Dois homens foram condenados pela Justiça de Goiás a penas que ultrapassam nove anos de reclusão por gerenciarem uma rede ilegal de TV Box e IPTV. A sentença envolve crimes de violação de direitos autorais, lavagem de dinheiro e ocultação de bens por meio de uma estrutura corporativa fictícia utilizada para camuflar os lucros da pirataria audiovisual.
Além da reclusão, os réus terão de pagar uma indenização solidária de R$ 1,5 milhão para reparar os prejuízos causados ao mercado de entretenimento. Conforme os autos, a dupla comandava uma operação estruturada que retransmitia canais de TV por assinatura de forma clandestina.
O magistrado do caso destacou que o esquema se tratava de uma organização criminosa contínua e planejada, desenhada especificamente para burlar sistemas de criptografia e segurança das operadoras de TV.

Donos de rede de TV Box pirata são condenados a 9 anos de prisão no Brasil (Imagem gerada por IA/Gemini)
Como funcionava a estrutura ilícita e a lavagem de dinheiro
As investigações revelaram que o grupo decodificava sinais legítimos e compartilhava cartões de acesso para redistribuir as transmissões pagas aos clientes finais. O negócio ilegal gerava altos lucros, e os valores eram movimentados de forma complexa para dificultar o rastreamento financeiro.

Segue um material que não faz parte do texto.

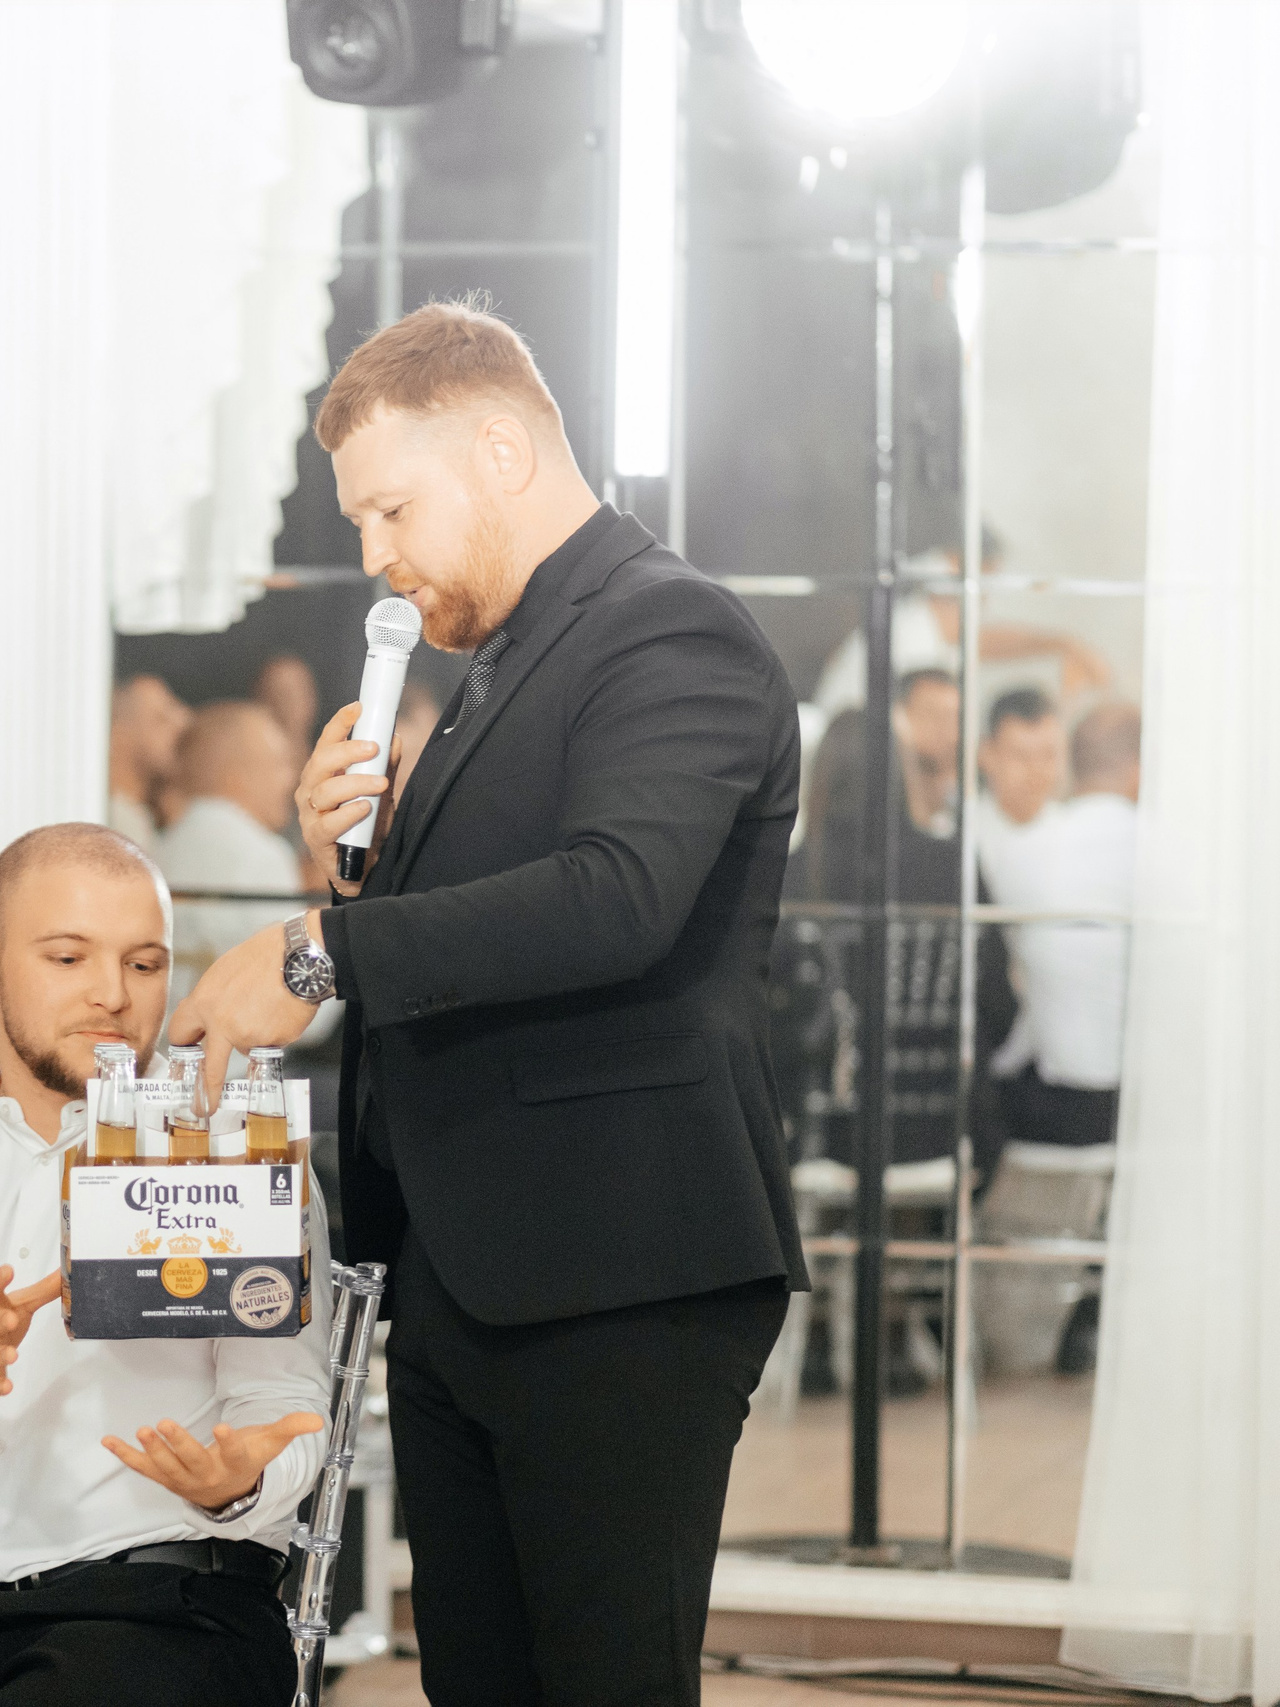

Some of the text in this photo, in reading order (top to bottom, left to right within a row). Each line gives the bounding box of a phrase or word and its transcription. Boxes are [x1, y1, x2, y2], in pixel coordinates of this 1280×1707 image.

[276, 1173, 287, 1189] 6
[124, 1177, 239, 1215] Corona
[156, 1208, 216, 1229] Extra
[136, 1268, 228, 1277] DESDE 1925
[166, 1268, 203, 1276] CERVEZA
[241, 1284, 282, 1298] INGREDIENTES
[236, 1291, 290, 1310] NATURALES
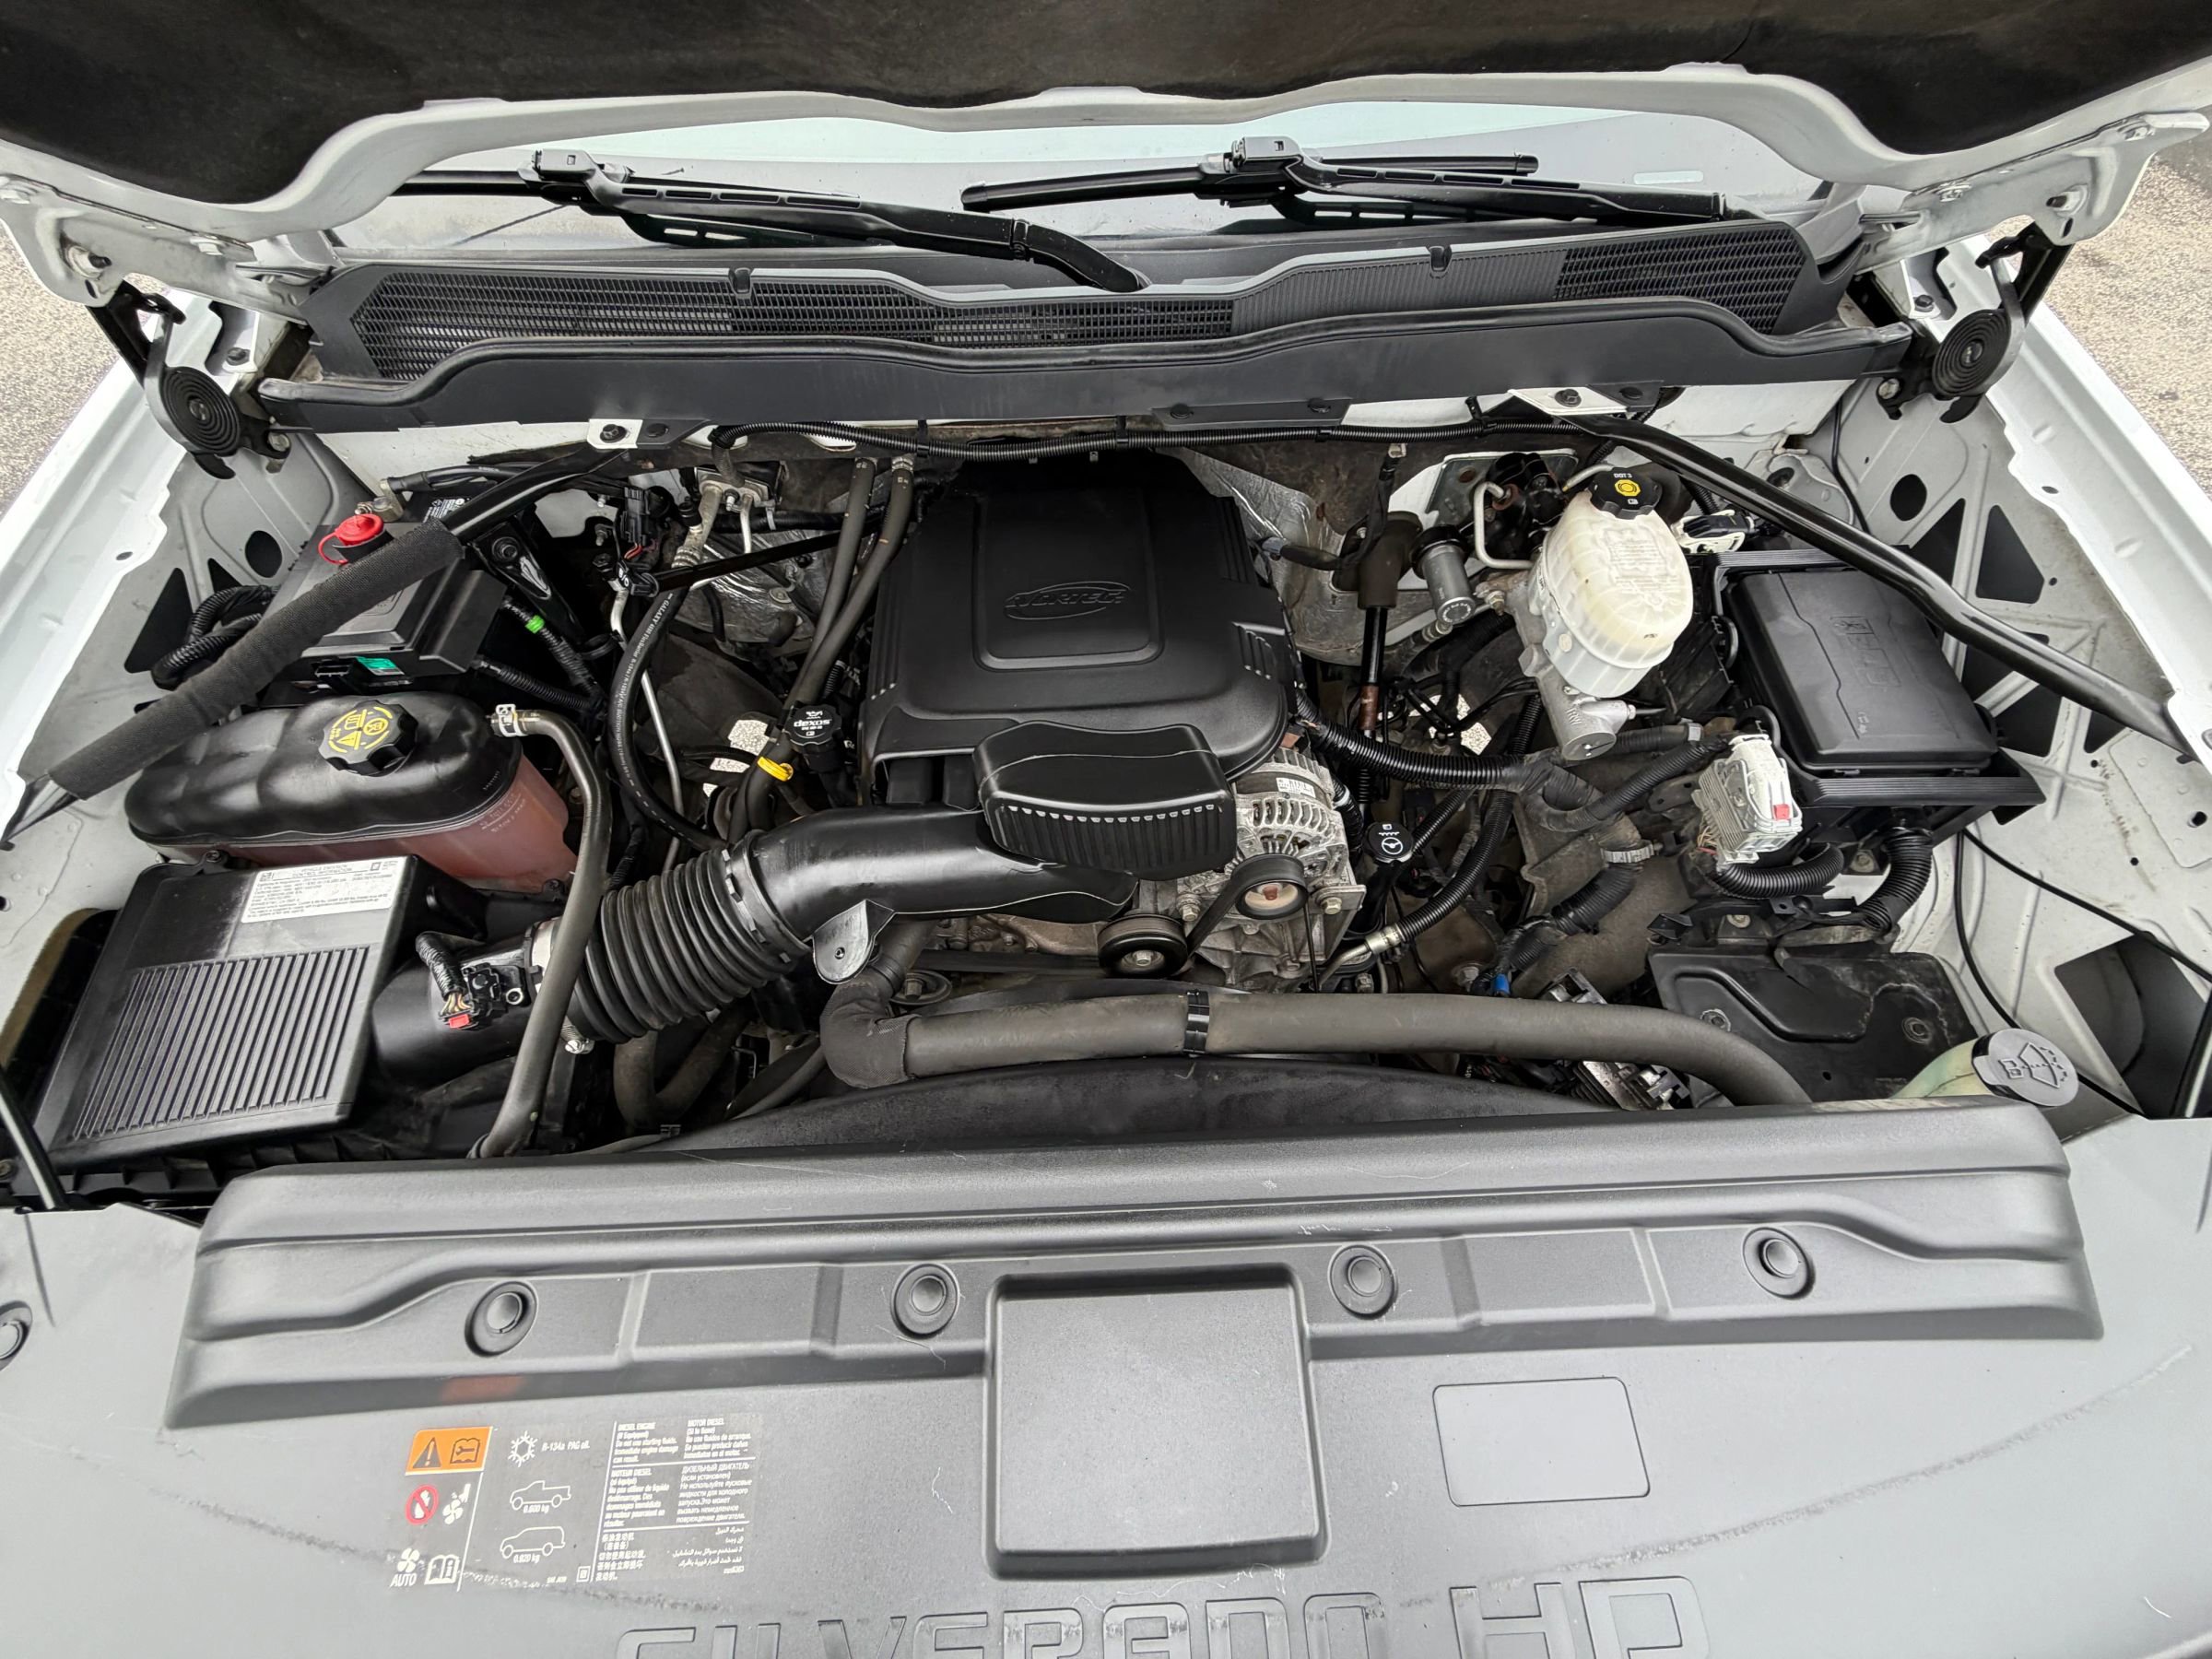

Para dar um ar de legalidade ao faturamento da pirataria, os criminosos utilizavam uma empresa de fachada e contas bancárias em nome de terceiros. Familiares dos réus também foram investigados por suposta ajuda operacional, mas acabaram absolvidos por falta de provas que comprovassem que sabiam da origem ilícita dos fundos.
Apreensão de patrimônio
Como parte das medidas judiciais para sufocar o esquema financeiro e evitar o reaproveitamento do capital ilícito, o tribunal determinou a manutenção da apreensão de veículos e demais bens dos condenados.